Accession Number:

ADA460804

Title:

Vitamin D Treatment of Prostate Cancer: The Inhibitory Role of IGFBP-3

Descriptive Note:

Final addendum rept. 15 Dec 2004-14 Dec 2005

Corporate Author:

STANFORD UNIV CA

Personal Author(s):

Report Date:

2006-01-01

Pagination or Media Count:

19.0

Abstract:

Calcitriol plays a critical role in maintaining mineral homeostasis but also exhibits antiproliferative activity in many cancers. We have shown that the antiproliferative actions of calcitriol in LNCaP human prostate cancer cells are mediated mainly by induction of insulin-like growth factor binding protein 3 IGFBP-3. We also found that androgens increase expression of IGFBP-3 and cause a major enhancement of IGFBP-3 stimulation by calcitriol.
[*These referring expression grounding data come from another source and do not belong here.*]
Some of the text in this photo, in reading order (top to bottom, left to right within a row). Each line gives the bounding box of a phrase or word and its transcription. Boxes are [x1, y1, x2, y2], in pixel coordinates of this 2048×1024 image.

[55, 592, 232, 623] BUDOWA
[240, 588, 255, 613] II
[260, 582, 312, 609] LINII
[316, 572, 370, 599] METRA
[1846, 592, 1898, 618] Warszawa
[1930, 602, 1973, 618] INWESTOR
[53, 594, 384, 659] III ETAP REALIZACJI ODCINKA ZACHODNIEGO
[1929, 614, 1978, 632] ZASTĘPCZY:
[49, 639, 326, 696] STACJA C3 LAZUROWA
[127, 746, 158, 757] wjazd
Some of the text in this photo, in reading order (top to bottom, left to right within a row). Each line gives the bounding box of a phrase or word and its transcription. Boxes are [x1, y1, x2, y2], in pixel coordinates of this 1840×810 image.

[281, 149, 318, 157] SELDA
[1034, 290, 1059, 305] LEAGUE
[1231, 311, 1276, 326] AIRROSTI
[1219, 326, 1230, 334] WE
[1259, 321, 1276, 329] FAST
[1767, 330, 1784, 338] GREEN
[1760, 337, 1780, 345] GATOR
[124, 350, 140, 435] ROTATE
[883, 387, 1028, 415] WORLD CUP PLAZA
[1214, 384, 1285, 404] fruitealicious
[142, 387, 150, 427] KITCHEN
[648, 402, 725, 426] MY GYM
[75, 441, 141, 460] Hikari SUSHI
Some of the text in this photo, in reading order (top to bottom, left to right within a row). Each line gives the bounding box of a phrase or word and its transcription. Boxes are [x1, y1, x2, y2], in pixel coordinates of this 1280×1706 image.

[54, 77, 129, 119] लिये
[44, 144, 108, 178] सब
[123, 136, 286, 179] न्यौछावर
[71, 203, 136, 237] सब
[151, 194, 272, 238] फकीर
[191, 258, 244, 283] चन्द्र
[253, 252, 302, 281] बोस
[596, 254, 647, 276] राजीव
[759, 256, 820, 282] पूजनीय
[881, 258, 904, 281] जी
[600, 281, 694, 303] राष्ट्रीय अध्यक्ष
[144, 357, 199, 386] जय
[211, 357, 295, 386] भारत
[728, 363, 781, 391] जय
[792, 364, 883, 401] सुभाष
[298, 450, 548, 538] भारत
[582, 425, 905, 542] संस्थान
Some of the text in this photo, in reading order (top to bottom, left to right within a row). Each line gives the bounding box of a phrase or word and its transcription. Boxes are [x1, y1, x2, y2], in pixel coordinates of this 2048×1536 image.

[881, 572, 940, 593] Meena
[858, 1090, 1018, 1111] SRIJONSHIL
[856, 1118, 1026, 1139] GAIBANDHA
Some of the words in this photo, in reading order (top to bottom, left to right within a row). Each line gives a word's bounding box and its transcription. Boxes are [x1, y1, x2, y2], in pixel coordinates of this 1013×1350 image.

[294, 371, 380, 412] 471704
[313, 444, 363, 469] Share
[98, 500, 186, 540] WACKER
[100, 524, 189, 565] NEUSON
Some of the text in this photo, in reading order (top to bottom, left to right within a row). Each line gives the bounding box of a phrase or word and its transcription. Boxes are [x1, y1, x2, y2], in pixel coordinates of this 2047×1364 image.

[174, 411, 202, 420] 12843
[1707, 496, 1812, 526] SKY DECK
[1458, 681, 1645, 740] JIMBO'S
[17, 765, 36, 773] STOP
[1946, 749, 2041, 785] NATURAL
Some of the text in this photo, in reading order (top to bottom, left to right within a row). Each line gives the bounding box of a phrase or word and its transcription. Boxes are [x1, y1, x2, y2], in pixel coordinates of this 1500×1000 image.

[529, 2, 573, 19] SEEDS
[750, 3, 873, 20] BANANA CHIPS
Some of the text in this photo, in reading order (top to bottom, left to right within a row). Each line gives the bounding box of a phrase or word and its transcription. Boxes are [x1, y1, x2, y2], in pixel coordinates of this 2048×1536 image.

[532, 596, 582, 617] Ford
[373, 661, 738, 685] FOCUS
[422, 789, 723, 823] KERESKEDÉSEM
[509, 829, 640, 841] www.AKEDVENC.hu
The purpose of this study was to determine the molecular mechanisms involved in calcitriol and androgen regulation of IGFBP-3. We cloned 6 kb of the IGFBP-3 promoter and demonstrated its responsiveness to calcitriol and androgen in transactivation assays. Computer analysis identified a putative vitamin D response element VDRE and a potential androgen response element ARE in the IGFBP-3 promoter. We proved each to be inducible by calcitriol or androgen. Mutations created in the VDRE or ARE resulted in a loss of IGFBP-3 induction confirming the critical response element sequences. Chromatin immunoprecipitation assays demonstrated that calcitriol recruited VDRRXR heterodimers to the VDRE site and androgen recruited the ARAR homodimer to the ARE site. In conclusion, we have identified a functional VDRE and ARE in the human IGFBP-3 promoter that directly mediates the action of calcitriol and androgen to regulate IGFBP-3 expression.

Subject Categories:

  • Biochemistry
  • Anatomy and Physiology
  • Pharmacology

Distribution Statement:

APPROVED FOR PUBLIC RELEASE